A majority of office-based ophthalmologists do not claim with a familiarity of AMD genetics

A report of a survey among private practice ophthalmologists and hospital-based ophthalmologists suggest that clinicians may have insufficient knowledge of genetics in AMD.  Both office and hospital-based ophthalmologists do not consider to have practical genetic skills relevant to patient care.  To remedy such concerns, several genetics educational programmes may need to tailor revised courses, or CME activities, to focus on any relevant AMD genetics support.  One representative respondent reflects a similar issue among several ophthalmologists, such as: “…to be honest, genetics is certainly an issue that I’m not well informed about”.


The survey had indicated that knowledge of a strong genetic background on AMD can be challenging for daily practice and that guidelines may not offer specific recommendations to support AMD patients.  As commented by a researcher, “ophthalmologists are left alone with emerging facts, and it is unclear what conclusions they draw without guidance on communication strategies”.  A majority of office-based ophthalmologists claim that clinicians do not have sufficient genetics expertise and that there may be relative complexity to understand AMD support.  In contrast, some hospital-affiliated ophthalmologists may feel relatively-informed with genetics knowledge, and perhaps may have some genetics support within a hospital environment.  Ophthalmologists appear to believe that genetics do not have practical relevance to everyday patient care.  The research paper on this survey (PLoS ONE https://doi.org/10.1371/journal.pone.0209328) have commented that “addressing relatives of AMD patients as persons with a higher genetic risk of AMD was dismissed by the majority of both office-based and hospital-affiliated ophthalmologists, mainly for ethical reasons (avoiding unnecessary burden as well as allocation and privacy problems). The doctors would even be reserved when directly asked by relatives about their risks. None of the interviewees has ever discussed (results of) genetic testing with their patients yet, the majority (but not all) would advise against it if directly consulted on this”.

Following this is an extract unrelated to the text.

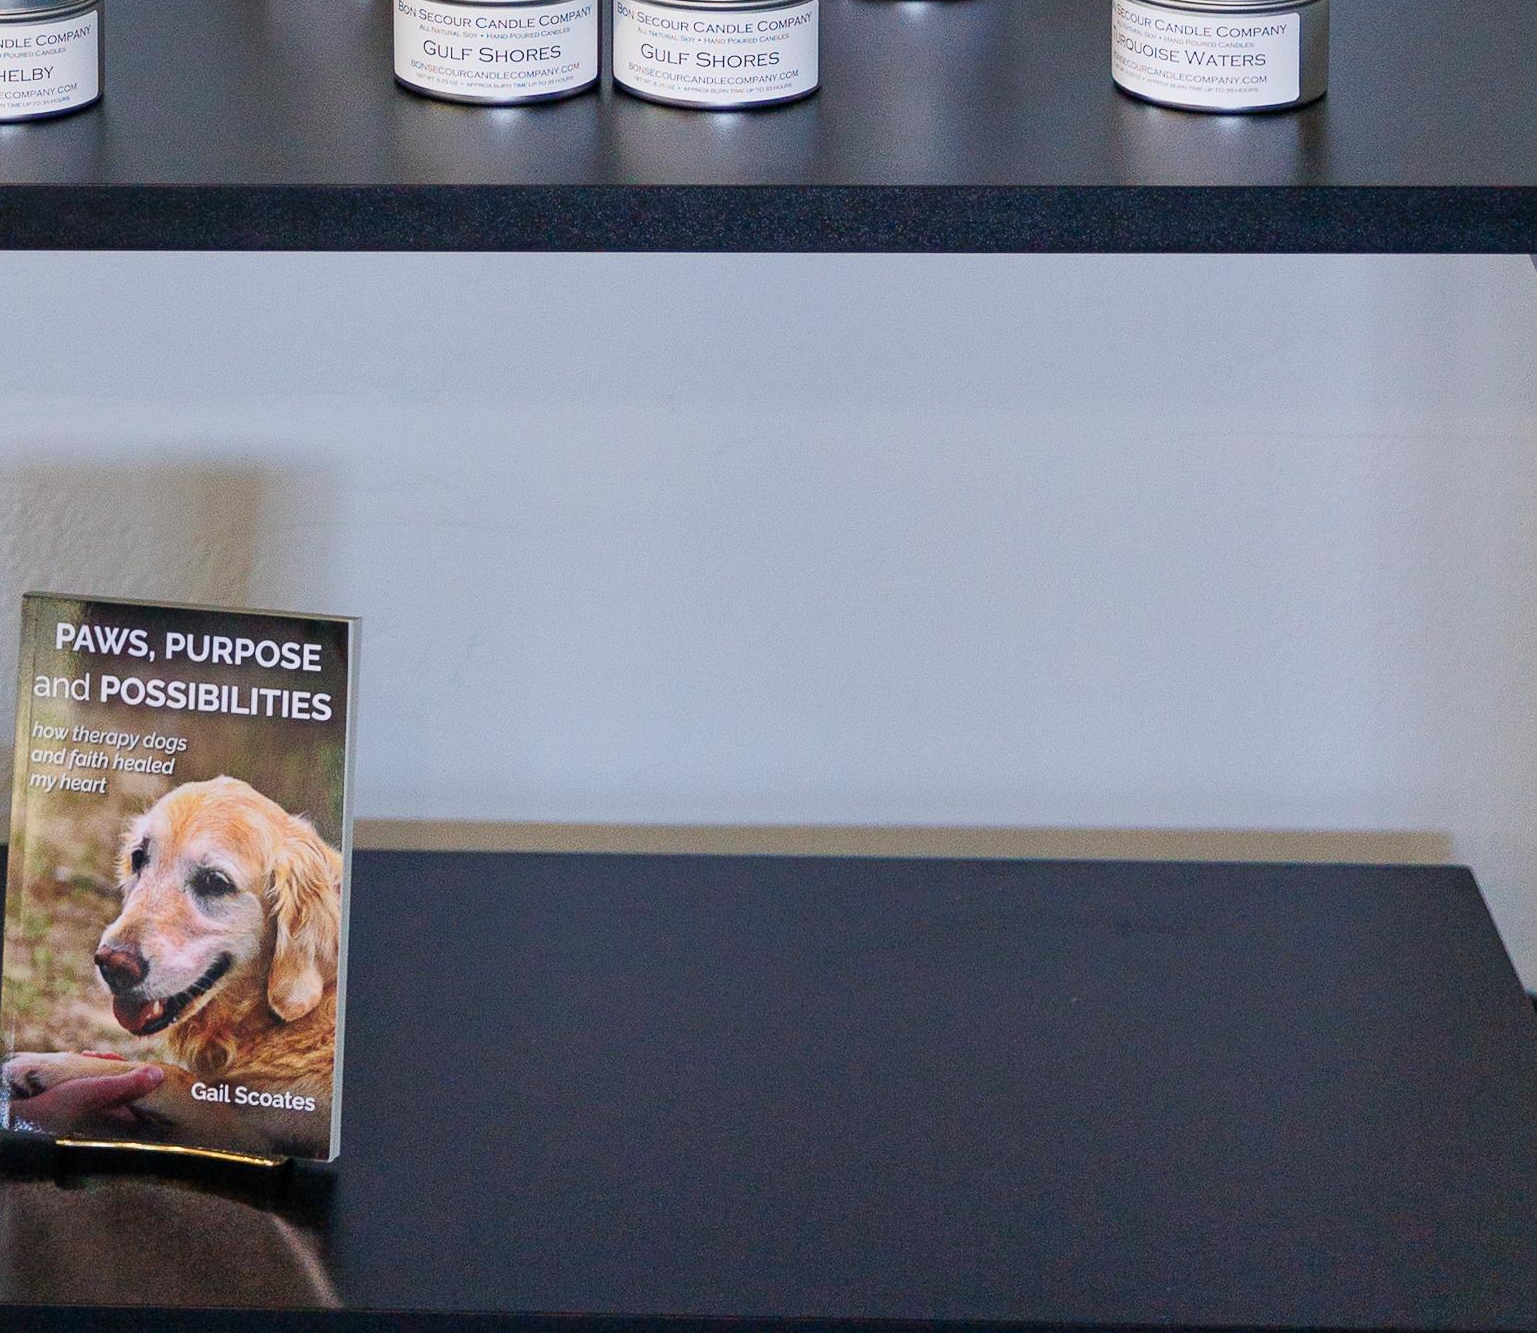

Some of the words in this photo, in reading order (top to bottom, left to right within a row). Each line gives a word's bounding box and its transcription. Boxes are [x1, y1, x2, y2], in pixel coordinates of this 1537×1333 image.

In conclusion, genetics knowledge appears not have had any impact on clinical ophthalmologic practice, neither on private practitioners or on ophthalmologists in hospitals.  In addition, doctors may withhold information from patients and their relatives because of the uncertainty of predicting AMD and for fear of unsettling those individuals.  Preventive efforts for late AMD based on genetic information are seen as irrelevant.  These findings highlight a need for genetic educational programs for routine care situations of ophthalmologists. The current survey only reported a cross-sectional qualitative study with 30 clinical respondents in Germany however, a far broader analysis covering several EU jurisdictions may be extremely helpful.